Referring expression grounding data
*** Begin section ***
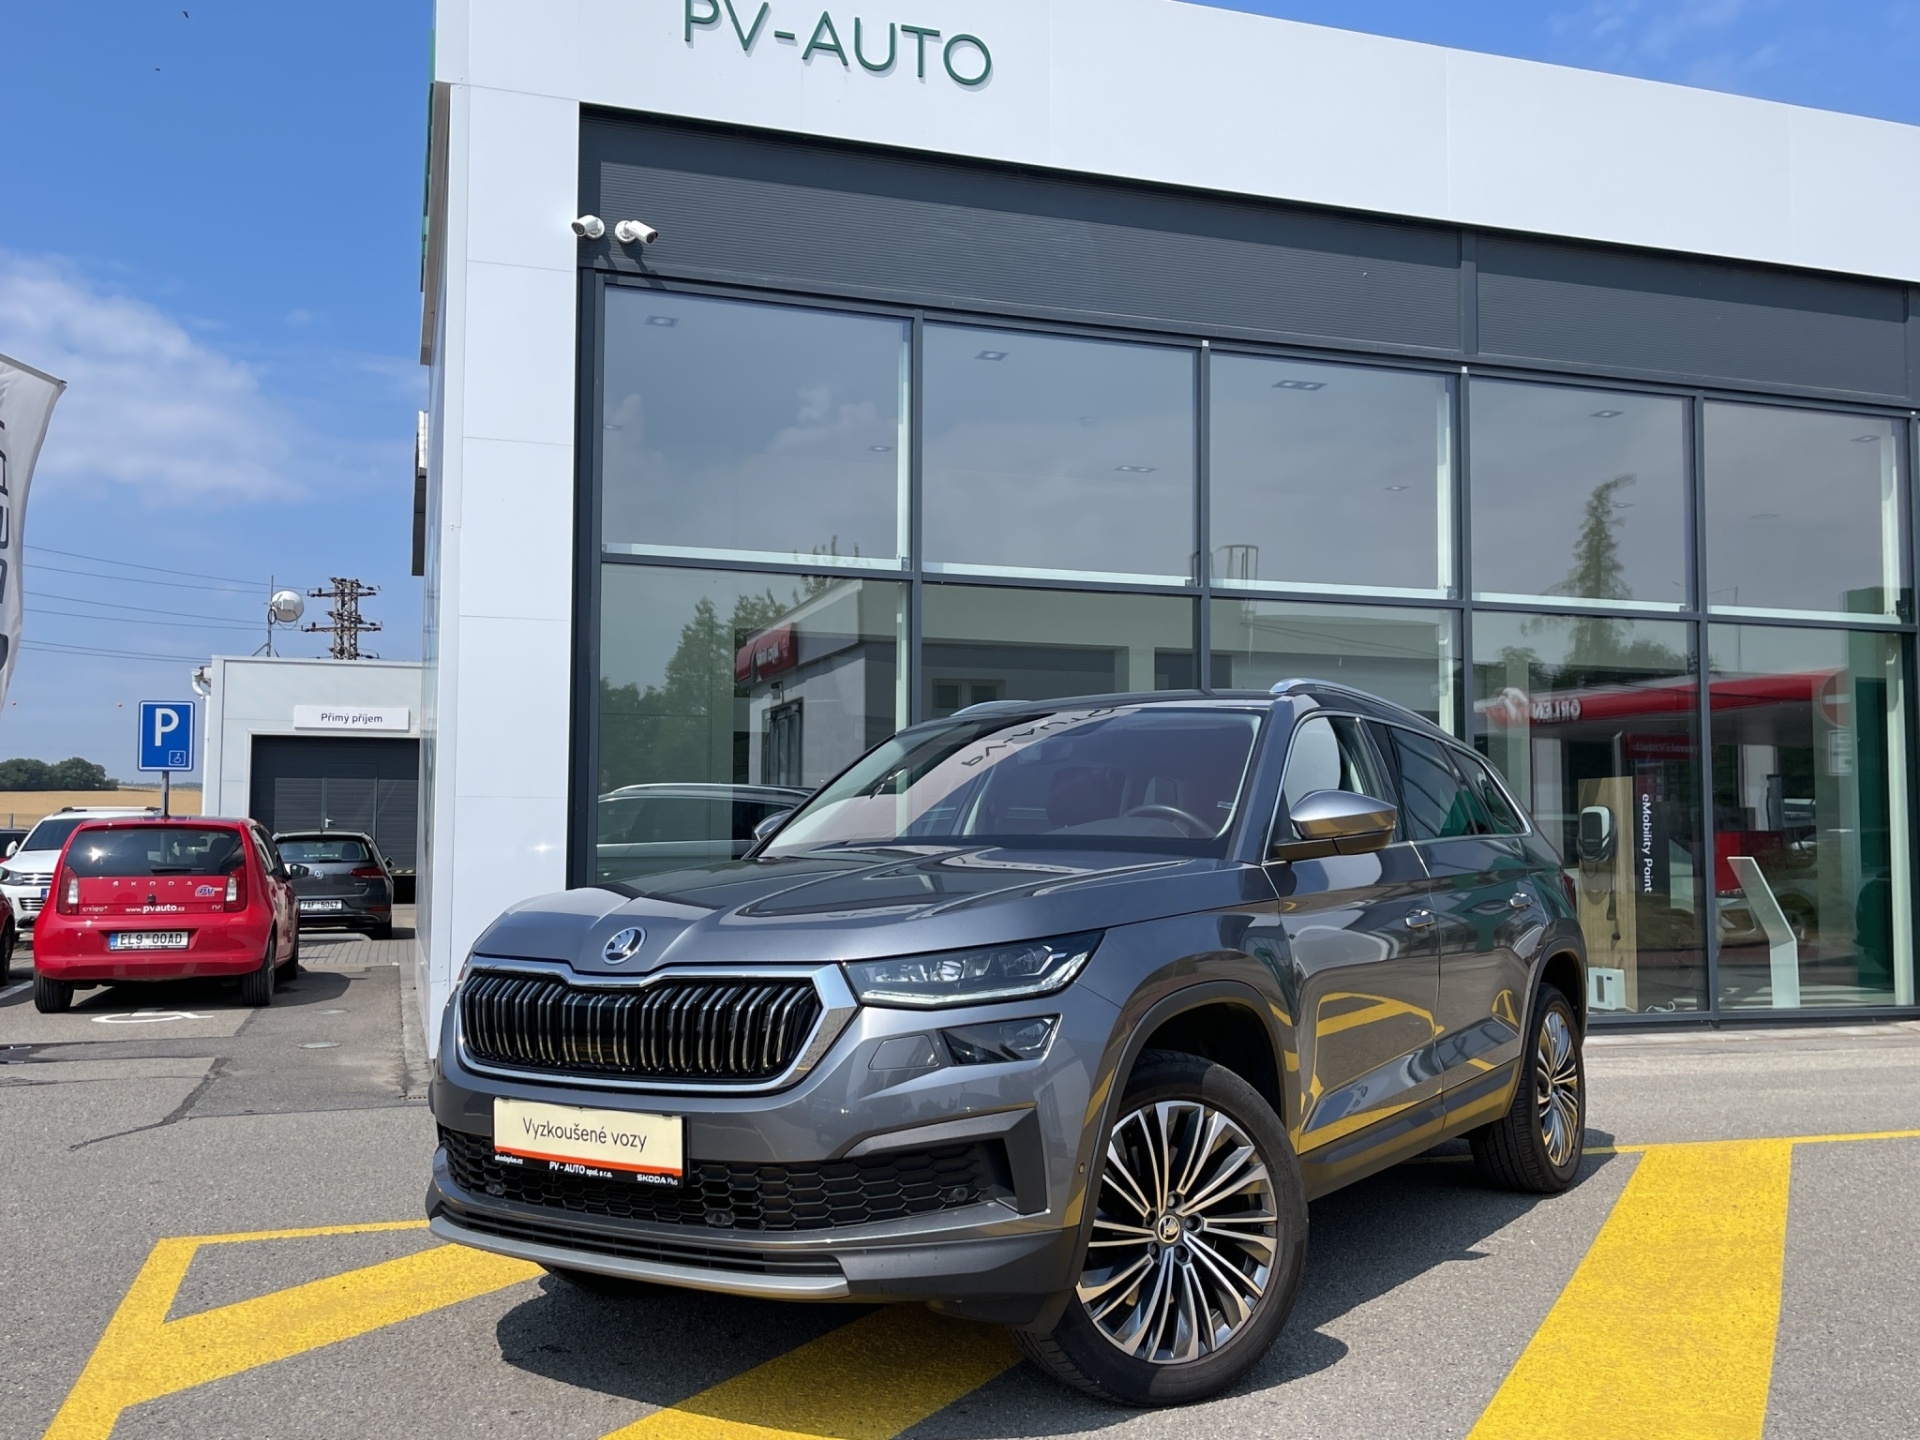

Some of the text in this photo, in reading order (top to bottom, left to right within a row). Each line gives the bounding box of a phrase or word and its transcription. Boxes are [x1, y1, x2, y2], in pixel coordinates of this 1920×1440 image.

[685, 0, 992, 85] PV-AUTO
[154, 708, 179, 747] P
[1641, 793, 1654, 893] eMobility Point
[125, 904, 186, 914] www.pvauto.cz
[120, 933, 143, 945] EL9
[523, 1117, 647, 1153] Vyzkoušené vozy
[563, 1164, 585, 1174] AUTO
*** End section ***
WORK INSTRUCTIONS
With the images left out, output all the entries above exactly.

REPLY TO THE EXERCISE
Some of the text in this photo, in reading order (top to bottom, left to right within a row). Each line gives the bounding box of a phrase or word and its transcription. Boxes are [x1, y1, x2, y2], in pixel coordinates of this 1920×1440 image.

[685, 0, 992, 85] PV-AUTO
[154, 708, 179, 747] P
[1641, 793, 1654, 893] eMobility Point
[125, 904, 186, 914] www.pvauto.cz
[120, 933, 143, 945] EL9
[523, 1117, 647, 1153] Vyzkoušené vozy
[563, 1164, 585, 1174] AUTO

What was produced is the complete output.